Getting Started with Gradle in Windows OS - Hello World Build

We will download, install and configure gradle, and then execute a simple program.

 

Prerequisites

  1. Gradle 1.x requires a Java JDK 5 or higher to be installed and the location needs to be added to an environment variable JAVA_HOME. 

  2. Gradle 2.x requires a Java JDK 6 or higher to be installed and the location needs to be added to an environment variable JAVA_HOME. 

Note: Gradle ships with its own Groovy library, therefore no Groovy needs to be installed. Any existing Groovy installation is ignored by Gradle.

 

Downloading, installing and configuring Gradle

  1. You can download gradle from http://www.gradle.org/downloads. Download binaries-sources-documentation version or binaries version.

  2. Unzip the zip to a location (e.g. D:\gradle-1.11)

  3. Now add the gradle location (e.g. D:\gradle-1.11) to an environment variable called GRADLE_HOME and add GRADLE_HOME\bin (enter full path) to PATH environmental variable.  

  4. Now open a command prompt and execute gradle to verify if it is there in the PATH.

 

Printing “Hello World” from build file

We will verify gradle setup by printing a “Hello World” from the build file.

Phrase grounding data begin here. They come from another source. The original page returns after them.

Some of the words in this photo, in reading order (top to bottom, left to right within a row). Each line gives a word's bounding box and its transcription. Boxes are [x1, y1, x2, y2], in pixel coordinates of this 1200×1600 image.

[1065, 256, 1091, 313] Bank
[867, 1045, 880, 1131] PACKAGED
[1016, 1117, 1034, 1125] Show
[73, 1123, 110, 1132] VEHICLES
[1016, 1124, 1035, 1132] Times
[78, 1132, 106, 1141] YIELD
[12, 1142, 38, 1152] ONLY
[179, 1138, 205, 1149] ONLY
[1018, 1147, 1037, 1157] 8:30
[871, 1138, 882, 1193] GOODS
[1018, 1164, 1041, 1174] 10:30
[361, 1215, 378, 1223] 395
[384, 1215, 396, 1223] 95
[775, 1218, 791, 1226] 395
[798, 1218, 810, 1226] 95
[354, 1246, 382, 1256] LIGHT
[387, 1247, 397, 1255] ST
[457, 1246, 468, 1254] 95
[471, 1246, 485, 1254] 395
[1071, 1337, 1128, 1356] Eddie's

Createa simple build file named ‘build.gradle’:

task helloWorld << {

println 'Hello World'

}

Now run this as ‘gradle <taskname>’:

gradle helloWorld

This will print:

:helloWorld

Hello World

BUILD SUCCESSFUL

Total time: 2.626 secs

You can use the –q option to suppress all info messages except error messages:

gradle -q helloWorld

This will print:

Hello World

 

Useful options

Apart from the -q option we saw now, there are many other options. To see a list of all command line options, use the –h option as:

gradle -h

This will list out options. Below are some of them:

-Dproperty=value for defining a system property

--info or –i to set log level to INFO for more verbose output

--debug or –d to enable debug logs.

--dry-run or –m to dry run the build file without actually executing the actions.

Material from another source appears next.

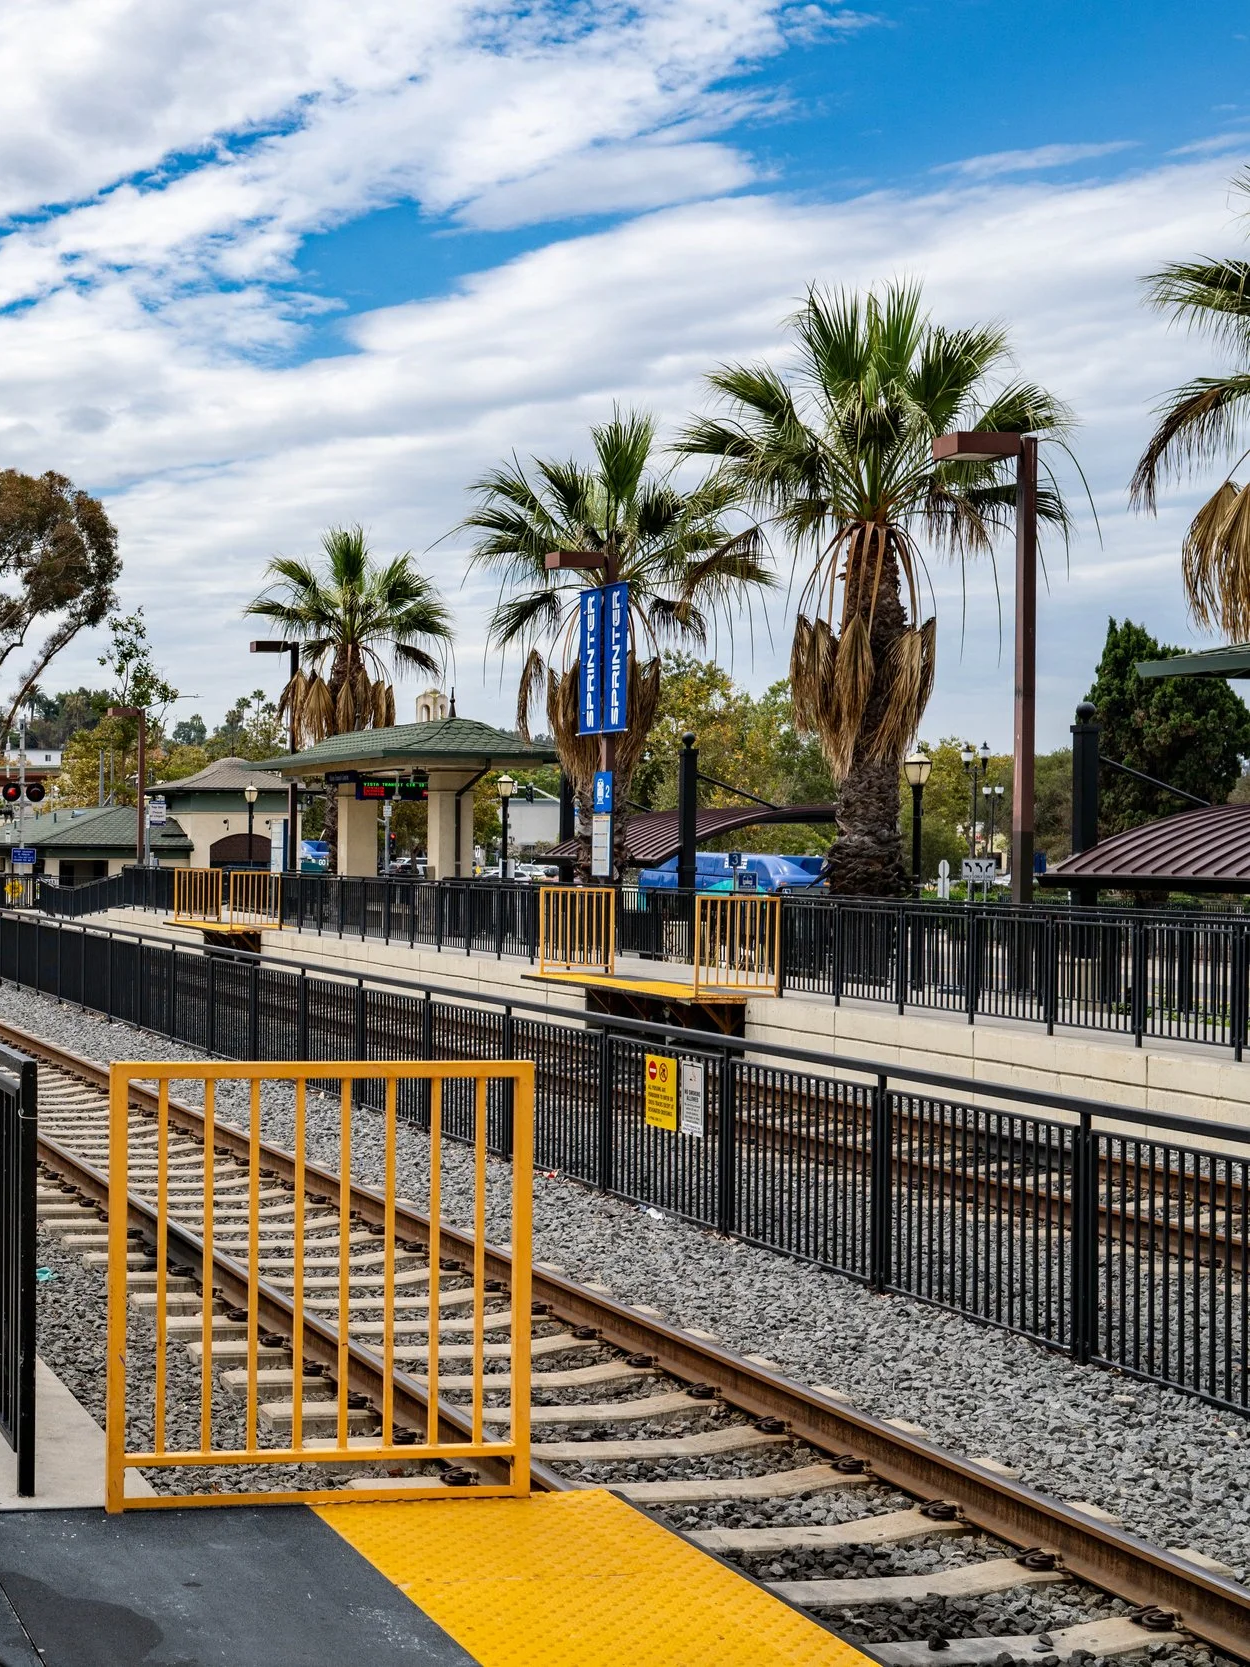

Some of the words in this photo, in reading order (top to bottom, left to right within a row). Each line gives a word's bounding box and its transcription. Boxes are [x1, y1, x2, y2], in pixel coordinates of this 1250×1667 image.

[586, 595, 596, 729] SPRINTER
[610, 590, 621, 726] SPRINTER
[605, 784, 610, 799] 2
[732, 854, 739, 865] 3

--quiet or –q to suppress all info messages except error messages:

--gui to launches the Gradle GUI.

--stacktrace or –s to print an abbreviated stack trace when an exception is thrown by the build.

The -b can point Gradle to a nondefault build file. By default, it looks for a file called build.gradle.

 

Documentation

You can find the documentation on standard Gradle features @ docs/dsl/index.html within the gradle installation.

 

What next?

Next we will see a Java Hello World program compiled using gradle.

 

References

http://www.gradle.org/downloads

http://www.gradle.org/installation

Book: Building and Testing with Gradle by Tim Berglund and Matthew McCullough.

 

Software Versions Tested Against

Examples in this note has been tested against Gradle versions 1.11 and 2.1.